FATSO JETSONArchaic Volumes (Cobraside, 2010) FATSO JETSON releases aren’t nearly as plentiful as their talent warrants, but thank god we now got another. Like his forefathers Greg Ginn and Joe Baiza, Mario Lalli’s riffs and leads are instantly recognisable, carving a sonic path completely his own within the ranks of modern rock n roll. A few of these tunes first appeared on their live LP from 2007, but even those numbers sound reimagined, evolved, mutated from earlier incarnations: prominent reverb, Al Kooper-like keyboards, and Vince Meghrouni’s sax & harmonica add new and previously unimagined taste sensations to FJ’s amphibious blues. I also get the feeling Mario has given new thought to the primacy of his lyrics, which culminate in the poisoned beauty that is “Monoxide Dreams”. THE MELVINS aside, no other bunch of middle-age heavy rockers still sound so invigorating to my ears in 2010. Absolutely phenomenal stuff.

DIAGONALDiagonal (Rise Above Records, 2008) It took me couple years to wake up to this one – I blame a deeply engrained distrust of prog rock for that. But I have now, in a major way. DIAGONAL play a highly ambitious form of heavy English progressive rock that harkens explicitly back to days when the wings of GENESIS and VAN DER GRAF GENERATOR spread eerie shadows over this fair island. The songs cover a vast terrain in tempo, mood, & power, highlighting not only rhythmic and instrumental prowess expected of prog bands but also surprisingly soulful performances. The recording is organic, totally eschewing the unpleasantly pro slickness that makes the modern prog scene (DREAM THEATER – barf) such a drag these days. And it should be noted that DIAGONAL don’t incorporate the extreme metal trappings this label is known for – these guys indeed are far more comfortable on a WOLF PEOPLE bill that some doom blowout. Yet another another release that completely reenergises my belief in modern English rock. Lee Dorian, release more of this kinda beauty!
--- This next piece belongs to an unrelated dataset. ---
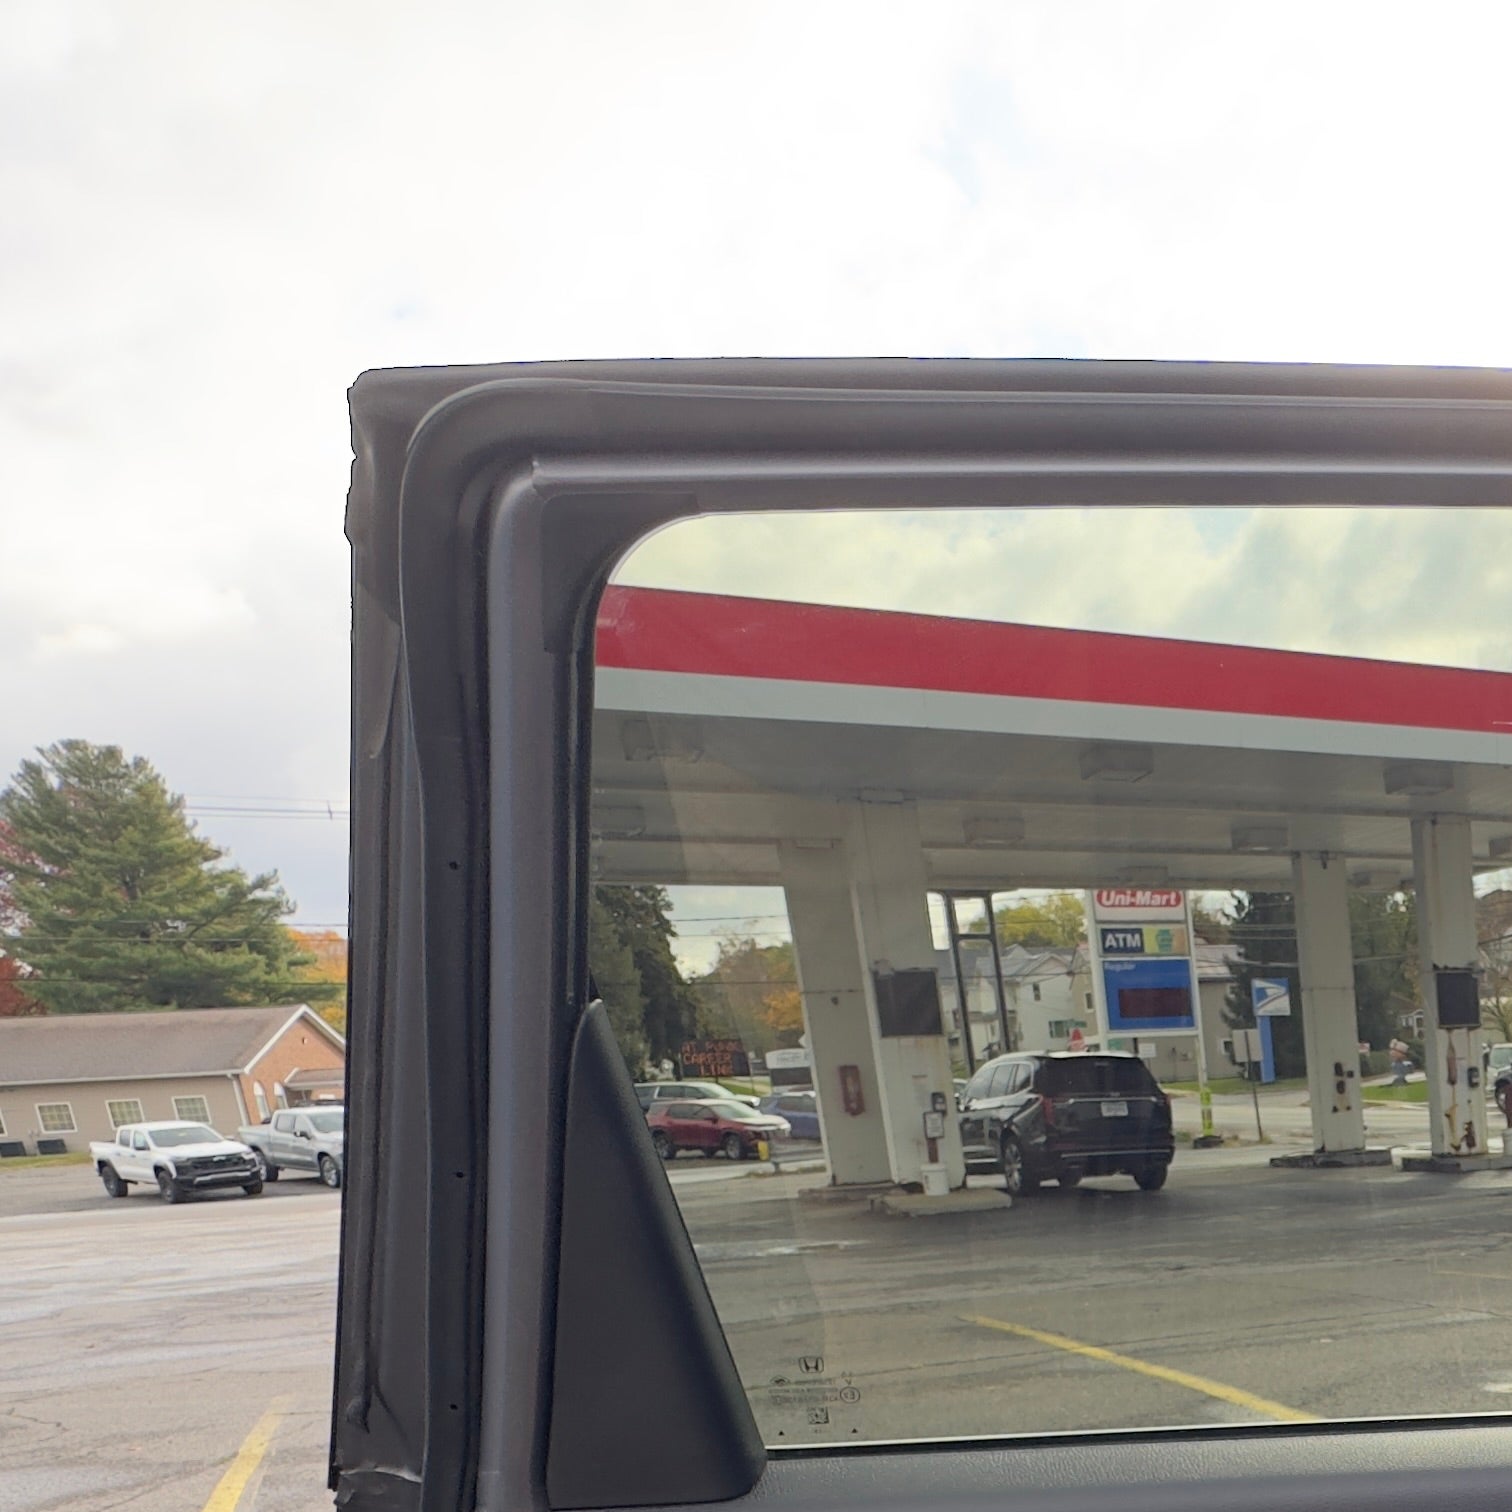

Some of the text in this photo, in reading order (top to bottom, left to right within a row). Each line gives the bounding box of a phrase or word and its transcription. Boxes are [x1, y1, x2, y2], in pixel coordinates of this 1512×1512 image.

[1102, 890, 1177, 905] Uni-Mart
[1104, 933, 1141, 948] ATM
[683, 1053, 731, 1065] CAREER
JEX THOTHWitness EP (I Hate Records, 2010) Aside from Jex herself, an entirely new band from their last record is powering this thing. The slothful tunes (including a great SLAPP HAPPY number) are all morbidly beautiful, and Jex is still totally passionate about her witchy beliefs, something I get behind wholeheartedly. But somewhere along the line, a bit of the depth of sound has been lost . . . and the neanderthal primativism of the first LP has been leavened by – yikes! – a subtle Ren Fayre/reenactment vibe. All of a sudden: JEX THOTH is sounding more like a heavy version of pagan goth lifers INKUBUS SUKKUBUS than, say PENTAGRAM. This isn’t actually a bad thing; I count many goth-types as friends here in London, and solstice gatherings could really use some real rock action to liven things up a bit. I’m just wondering if this means JEX will eventually ditch their drummer for a drum machine the way with all these goth acts have now? That would be a deeply distressing, particularly stomach-churning turn of events. Don’t do it, Jex!